Health and Safety: What Your Parents Never Taught You

  • Suicide is the third-leading cause of death among people ages 15 to 24 years old.
  • Health and Safety, has been cut out of AHS’ curriculum.
  • The freshmen PE classes have incorporated “Fitness for Life” into their curriculum.
  • However, like the biology class, the program lacks the teenager-related topics that Health and Safety provides.

Being a teenager is not the easiest phase in the world.
While the rates of STIs, chlamydia and syphilis are at an all-time high; it is imperative that high school students be informed about problems of the adult world.

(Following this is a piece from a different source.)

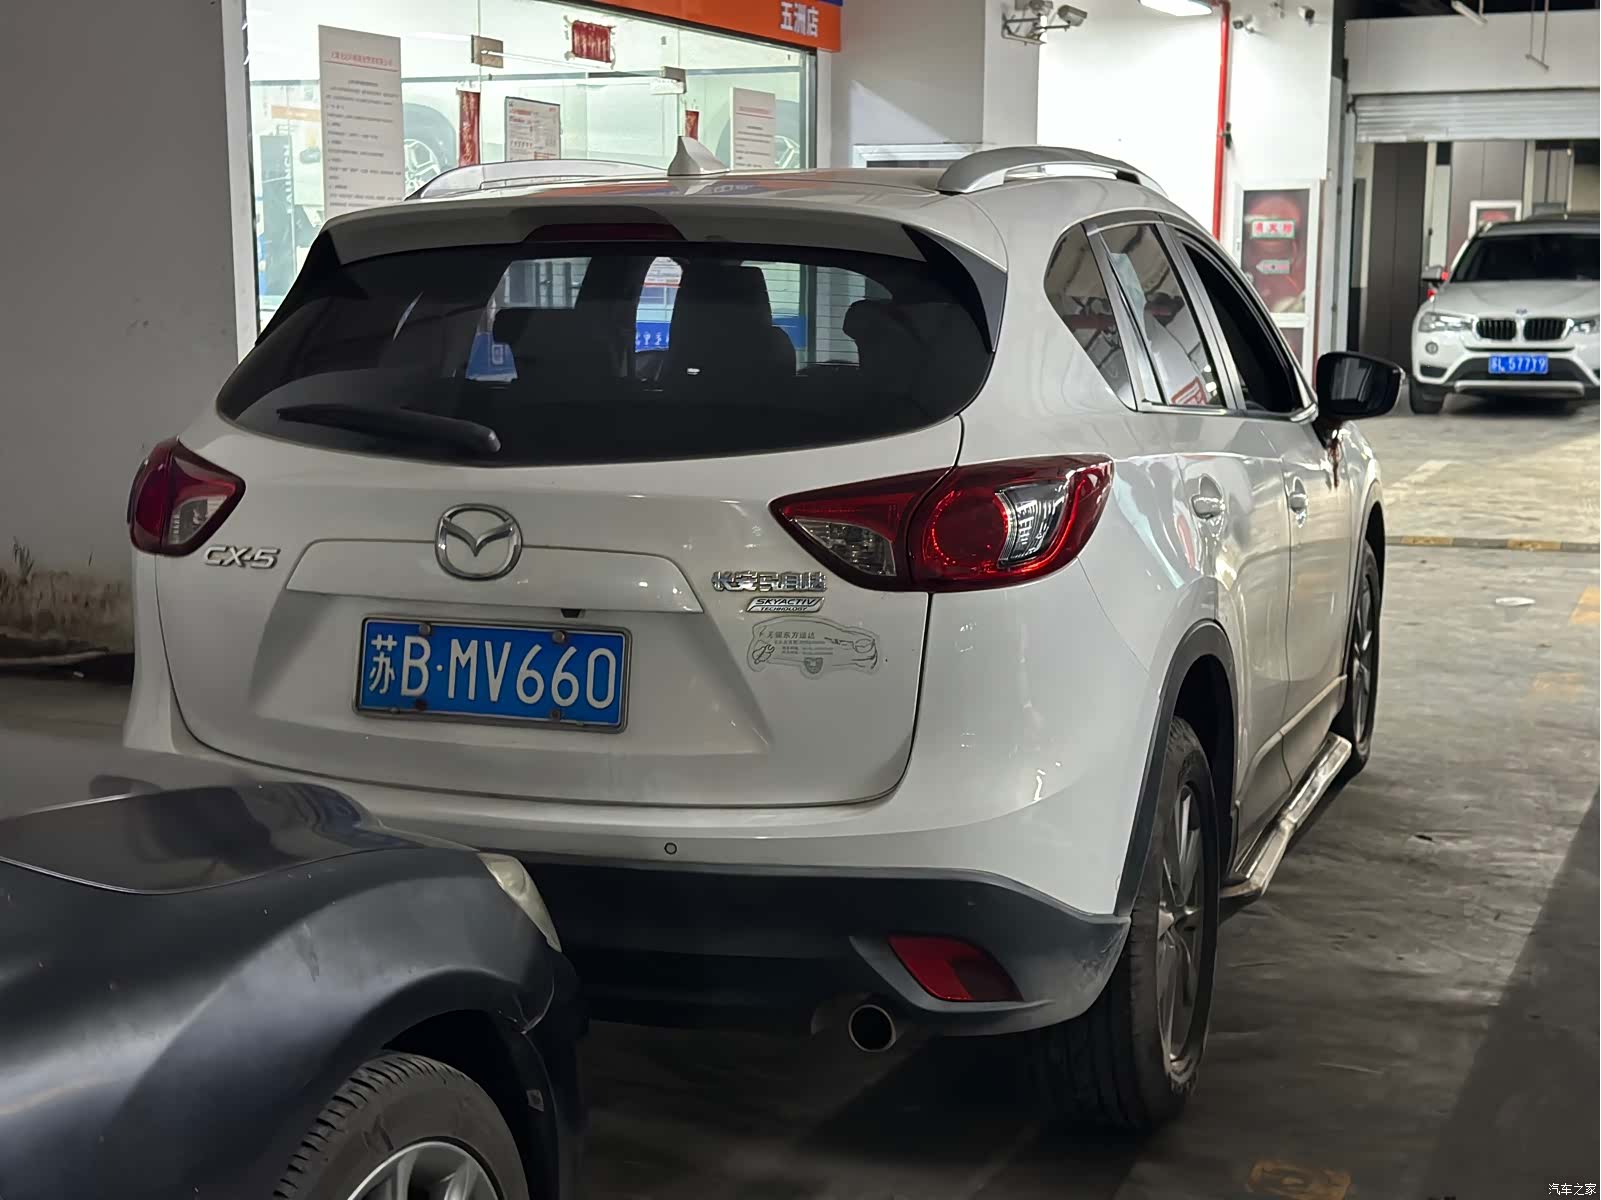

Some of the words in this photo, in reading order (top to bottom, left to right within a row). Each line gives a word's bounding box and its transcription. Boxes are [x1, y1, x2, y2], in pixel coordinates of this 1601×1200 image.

[780, 1, 820, 39] 五洲店
[204, 545, 280, 569] CX-5

What exactly is Health and Safety? The class taught what is considered common sense but what most high school students have questions about; it covered topics such as teen suicide prevention, AIDS prevention and the harms of drugs, alcohol and smoking and drivers’ education. These topics relate to most high school students and permits candid discussion on generally taboo matters.

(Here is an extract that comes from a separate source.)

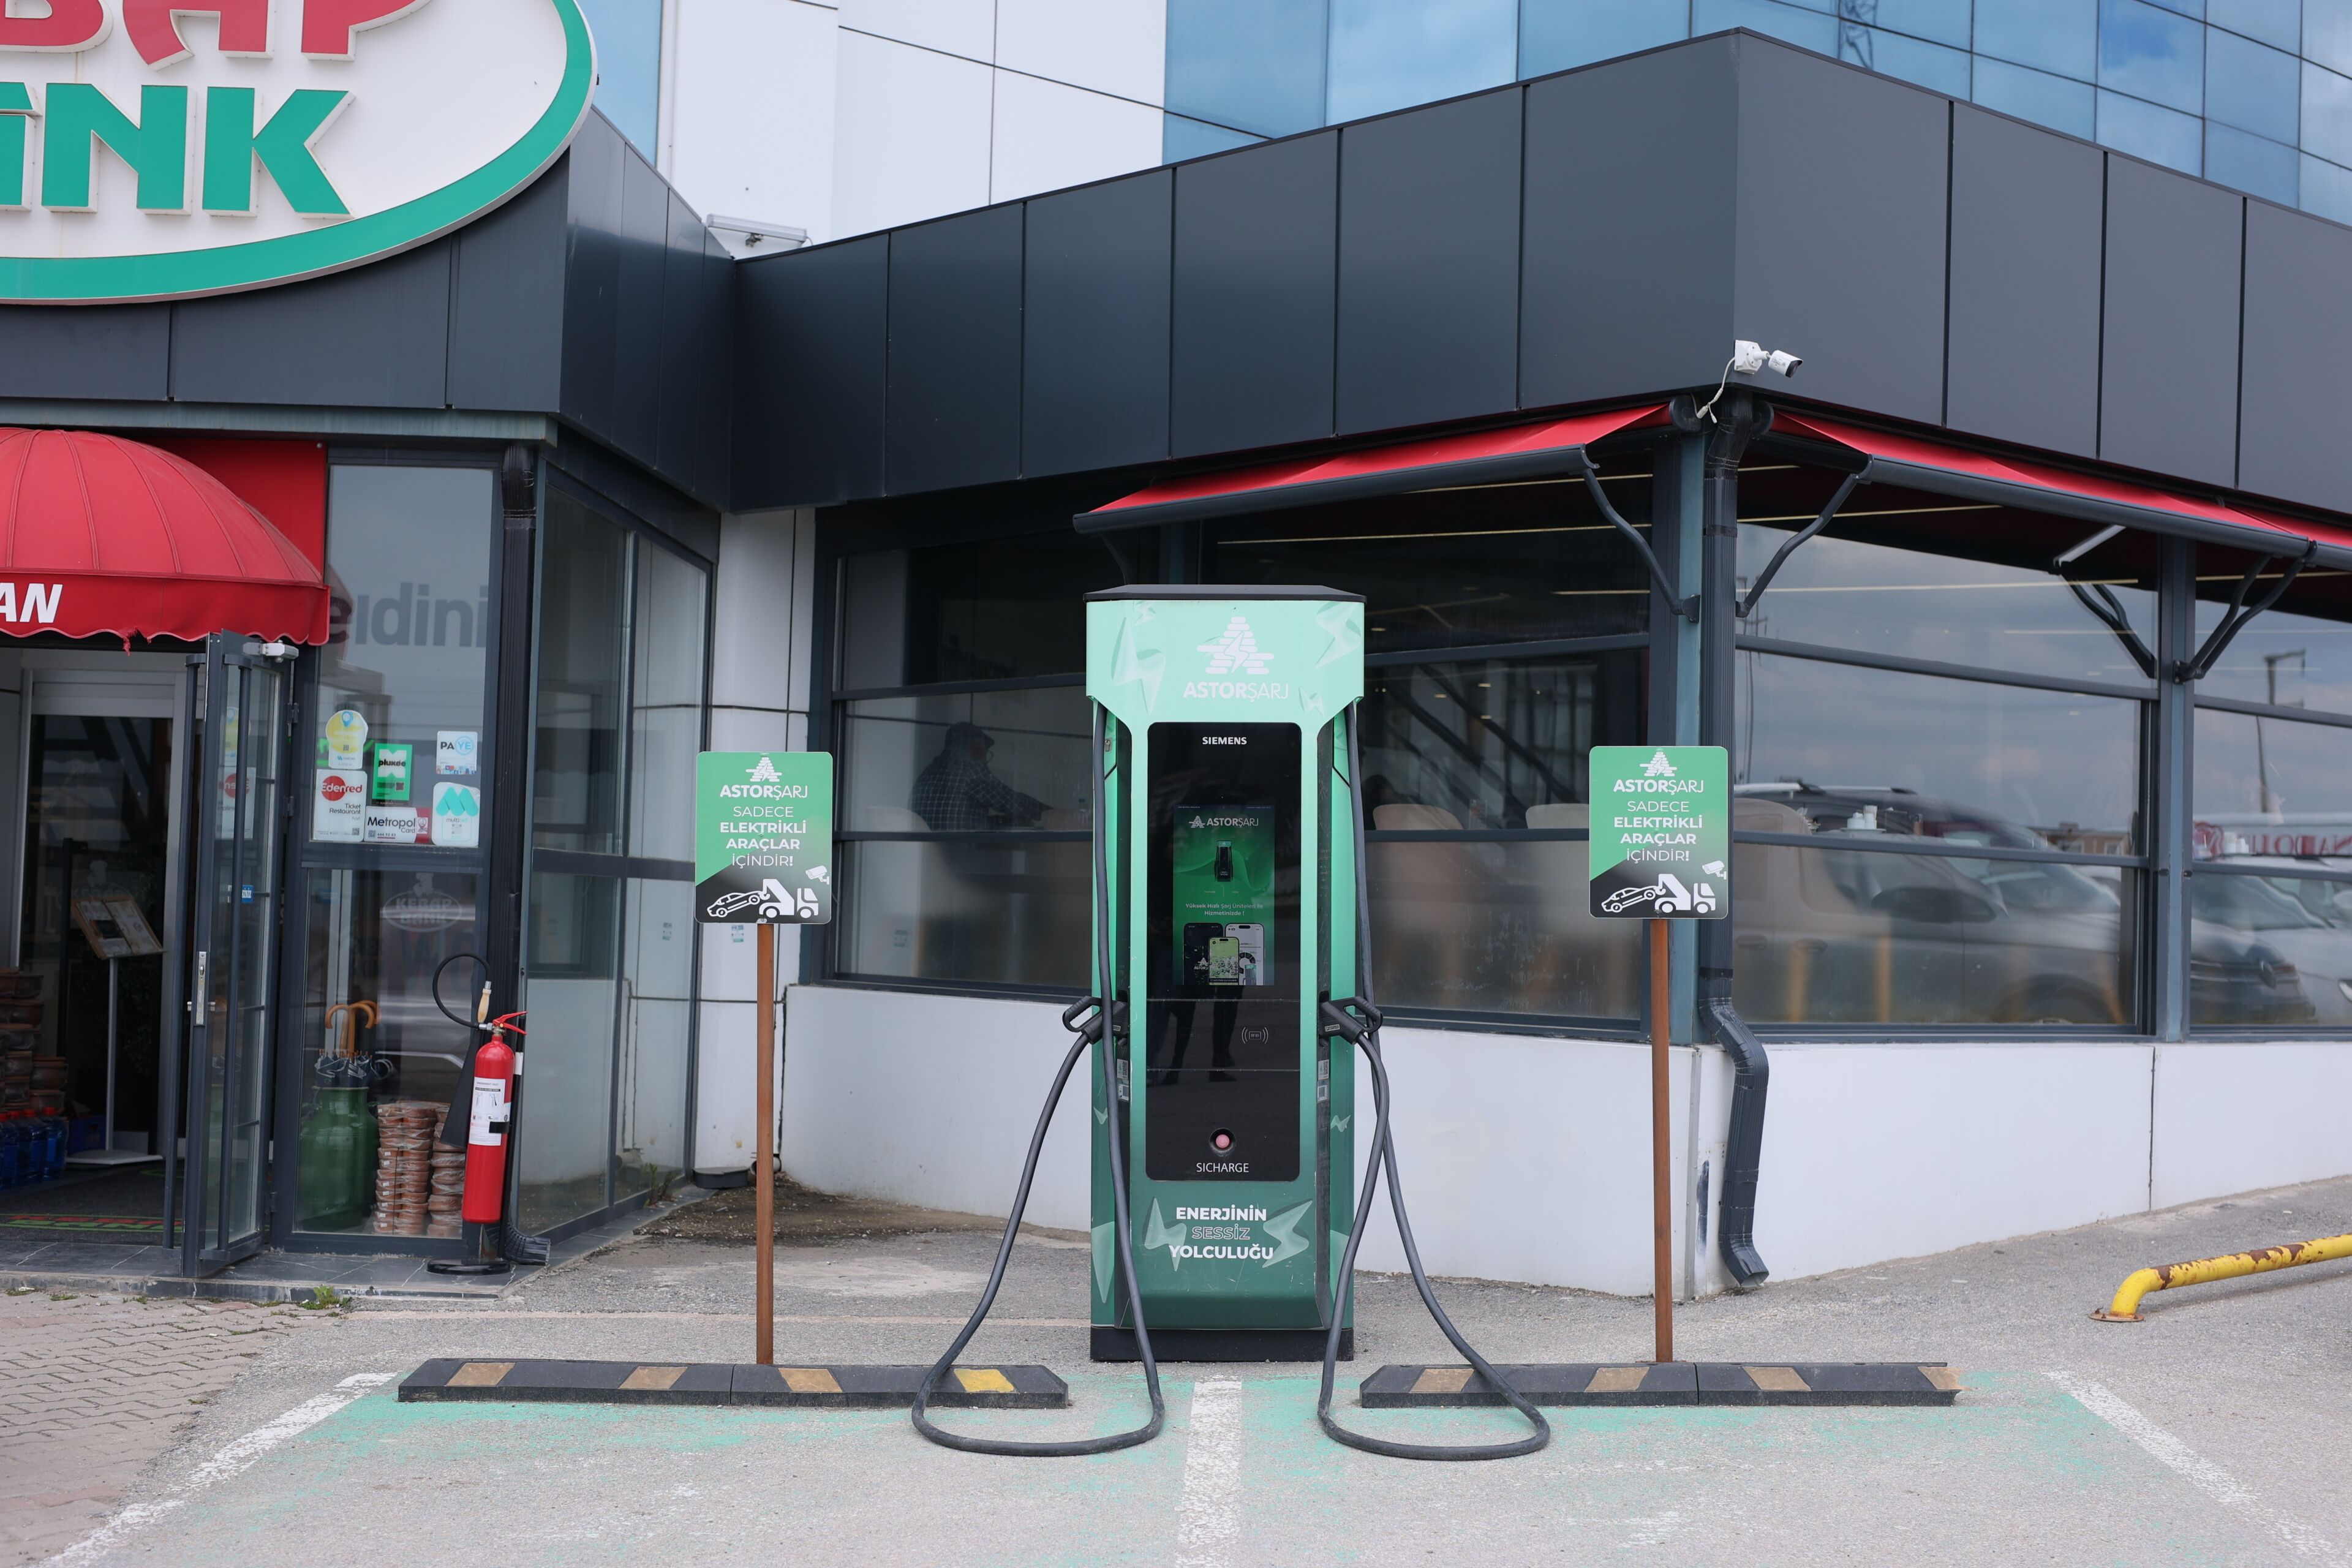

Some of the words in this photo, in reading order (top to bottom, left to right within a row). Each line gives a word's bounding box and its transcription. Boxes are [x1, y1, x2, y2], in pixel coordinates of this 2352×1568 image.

No other class elaborates as much as Health and Safety on all these issues. The biology classes’ curriculum extends to human anatomy but does not give as much detail about the effects of alcohol, smoking or drugs on the human body. While the physiology class does deal with human health matters including eating disorders and substance abuse, it dose not include social aspects of teen life such as drivers’ education.
For the moment, the Health and Safety class’ absence cannot be anything but detrimental to students’ well-beings.
“I wish they would bring [the class] back. [It would] create good people, not just good students,” former Health and Safety teacher David Lawson said.